Traduction copyleft de Pétrus Lombard pour Alter InfoCe que nous voyons en Libye, c'est la renaissance du colonialisme. Sauf que, ce coup-ci, les divers gouvernements européens ne se disputent pas pour des empires et des ressources. Le nouveau colonialisme opère sous le couvert de la « communauté internationale, » ce qui veut dire, l'OTAN et les pays qui y sont affiliés. L'OTAN, l'Organisation du Traité Atlantique Nord, était autrefois une alliance de défense contre une éventuelle invasion de l'Europe occidentale par les Soviétiques. Aujourd'hui, l'OTAN fournit des troupes européennes pour le compte de l'hégémonie zunienne.

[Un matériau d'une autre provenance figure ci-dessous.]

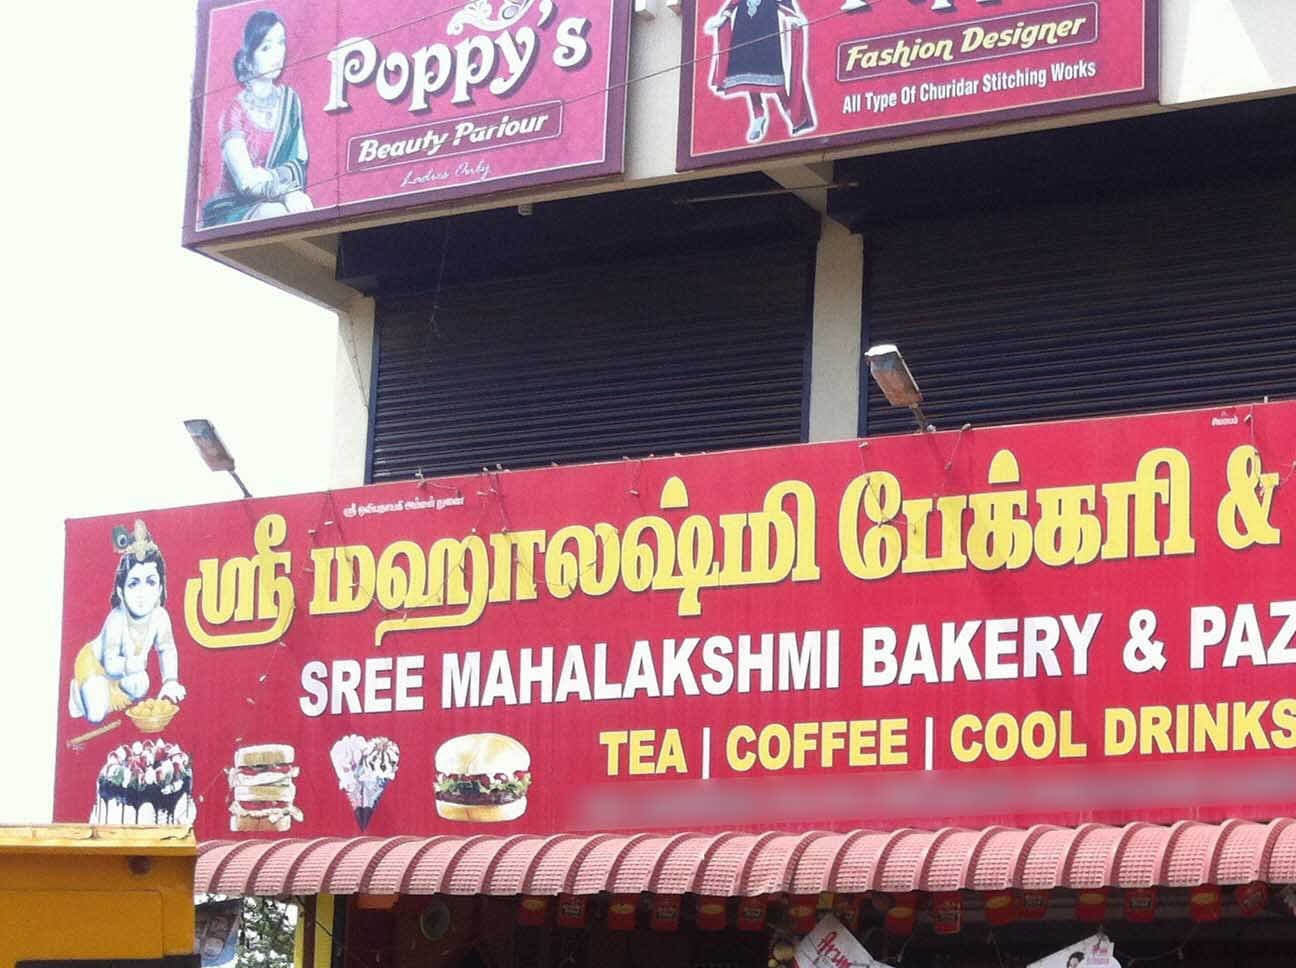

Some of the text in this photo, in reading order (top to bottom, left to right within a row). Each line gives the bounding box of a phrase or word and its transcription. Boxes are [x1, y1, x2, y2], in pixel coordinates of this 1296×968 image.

[323, 0, 590, 112] Poppy's
[845, 17, 1087, 71] Fashion Designer
[843, 60, 1096, 113] All Type Of Churidar Stitching Works
[357, 131, 448, 163] Beauty
[308, 475, 820, 647] மஹாலஷ்மி
[839, 447, 1195, 580] பேக்கரி
[1217, 444, 1281, 550] &
[299, 655, 425, 717] SREE
[440, 629, 840, 708] MAHALAKSHMI
[862, 612, 1103, 687] BAKERY
[1122, 608, 1168, 673] &
[599, 728, 689, 776] TEA
[726, 718, 909, 773] COFFEE
[950, 709, 1088, 763] COOL

Washington est en quête de l'hégémonie mondiale sous des dehors d'« interventions humanitaires » sélectives et d'« importation de la liberté et de la démocratie chez les peuples opprimés. » D'une manière fort opportuniste, les cibles de Washington sont des pays qui ne sont pas ses « partenaires internationaux. » Pris au dépourvu, peut-être, par les révoltes populaires en Tunisie et en Égypte, quelques signes indiquent que Washington a réagi de façon opportuniste devant le soulèvement en Libye et l'a favorisé. Khalifa Hifter, un Libyen suspecté d'être un atout de la CIA depuis 20 ans, est retourné en Libye à la tête de l'armée rebelle.
Commentaire: L'histoire se répète continuellement et si l'on remplace la Libye par la Syrie et Kadhafi par Bachar el-Assad, ce discours est encore d'actualité.